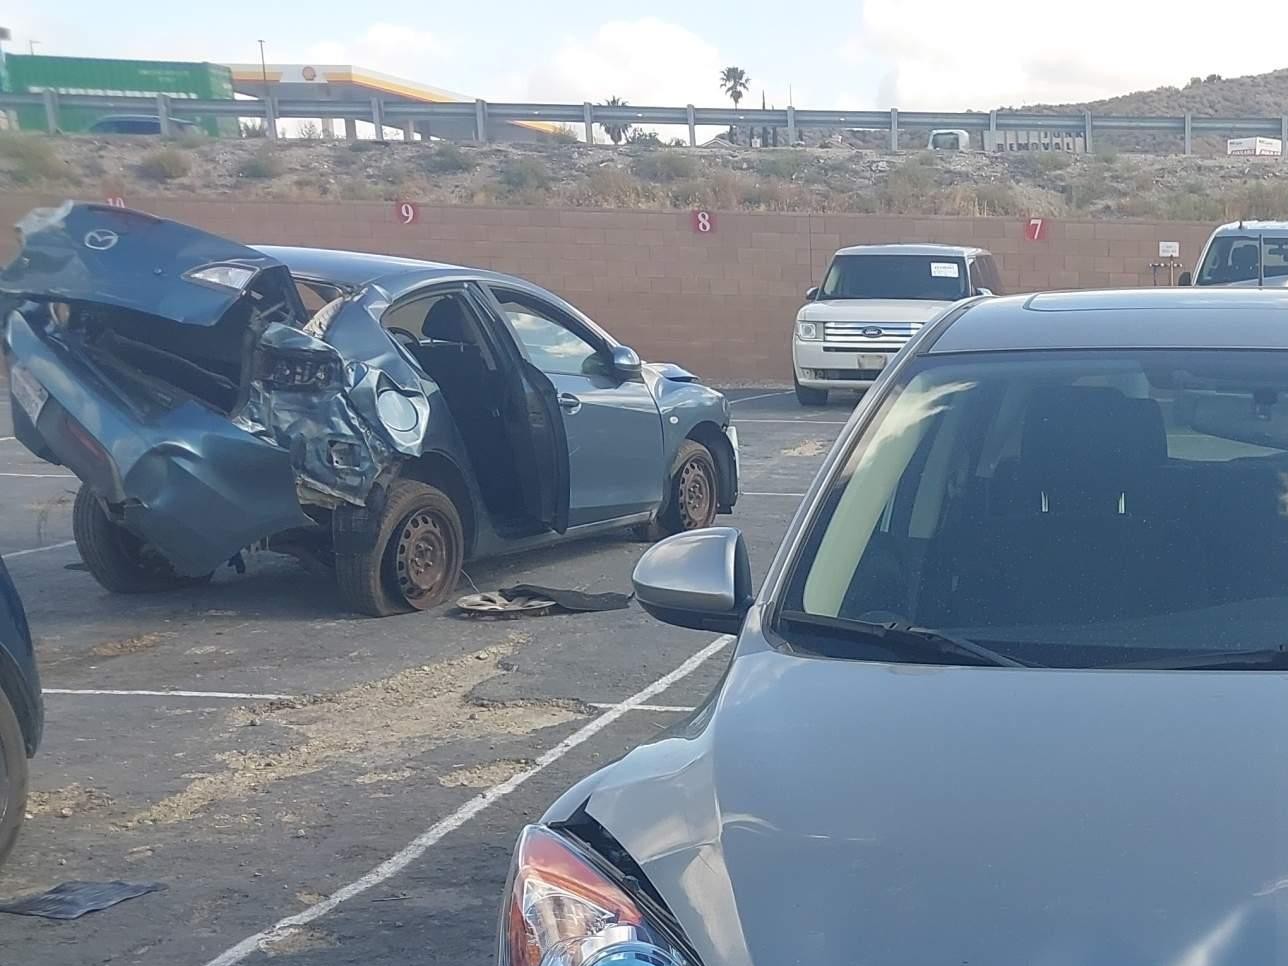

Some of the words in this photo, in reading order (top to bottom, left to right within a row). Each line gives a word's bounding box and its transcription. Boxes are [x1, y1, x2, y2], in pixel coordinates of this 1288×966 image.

[996, 142, 1072, 153] REMOVAL
[401, 203, 414, 224] 9
[698, 211, 710, 232] 8
[1030, 219, 1042, 240] 7
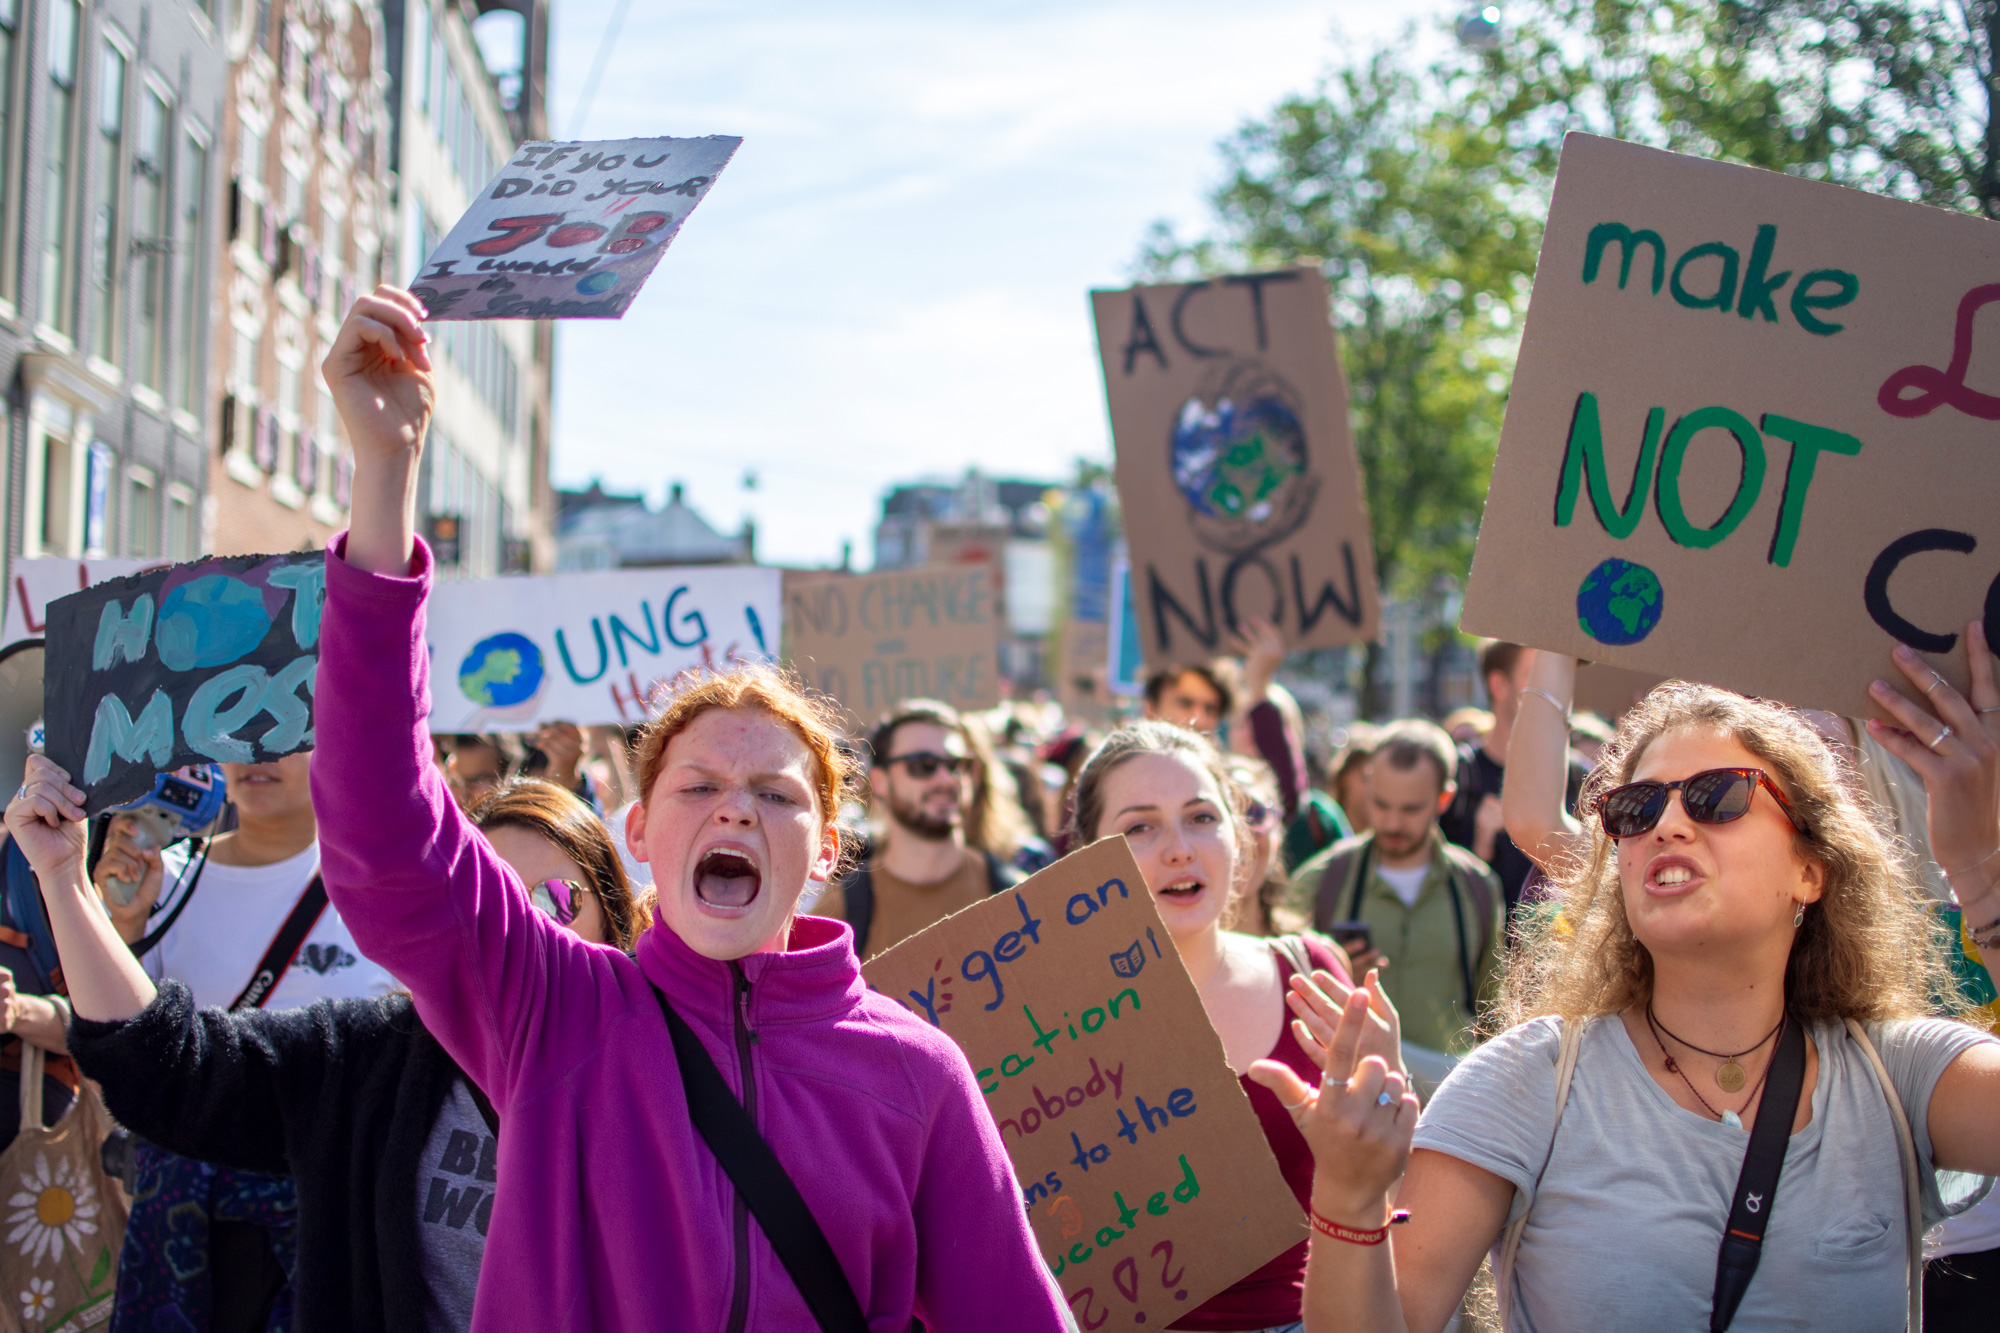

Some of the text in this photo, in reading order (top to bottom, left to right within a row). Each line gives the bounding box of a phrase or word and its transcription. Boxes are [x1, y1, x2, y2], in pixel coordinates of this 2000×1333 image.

[421, 259, 460, 281] I
[465, 210, 674, 257] JOB
[1580, 221, 1860, 337] make
[1122, 270, 1300, 376] ACT
[1552, 390, 1865, 568] NOT
[791, 570, 988, 637] NO CHANGE
[1146, 540, 1363, 652] NOW
[1863, 528, 2000, 660] C
[861, 653, 988, 709] FUTURE
[961, 893, 1042, 1012] get
[1065, 878, 1130, 926] an
[999, 1057, 1124, 1138] nobody
[1070, 1131, 1112, 1173] to
[1117, 1087, 1198, 1145] the
[1337, 1228, 1382, 1242] FREUNDE
• • • •
Problem details.
All entries must come back exactly as written, though without their pictures.

Your response.
Some of the words in this photo, in reading order (top to bottom, left to right within a row). Each line gives a word's bounding box and its transcription. Boxes are [x1, y1, x2, y2], in pixel coordinates of this 1288×966 image.

[996, 142, 1072, 153] REMOVAL
[401, 203, 414, 224] 9
[698, 211, 710, 232] 8
[1030, 219, 1042, 240] 7

Some of the text in this photo, in reading order (top to bottom, left to right within a row). Each line gives the bounding box of a phrase or word and its transcription. Boxes are [x1, y1, x2, y2], in pixel coordinates of this 2000×1333 image.

[421, 259, 460, 281] I
[465, 210, 674, 257] JOB
[1580, 221, 1860, 337] make
[1122, 270, 1300, 376] ACT
[1552, 390, 1865, 568] NOT
[791, 570, 988, 637] NO CHANGE
[1146, 540, 1363, 652] NOW
[1863, 528, 2000, 660] C
[861, 653, 988, 709] FUTURE
[961, 893, 1042, 1012] get
[1065, 878, 1130, 926] an
[999, 1057, 1124, 1138] nobody
[1070, 1131, 1112, 1173] to
[1117, 1087, 1198, 1145] the
[1337, 1228, 1382, 1242] FREUNDE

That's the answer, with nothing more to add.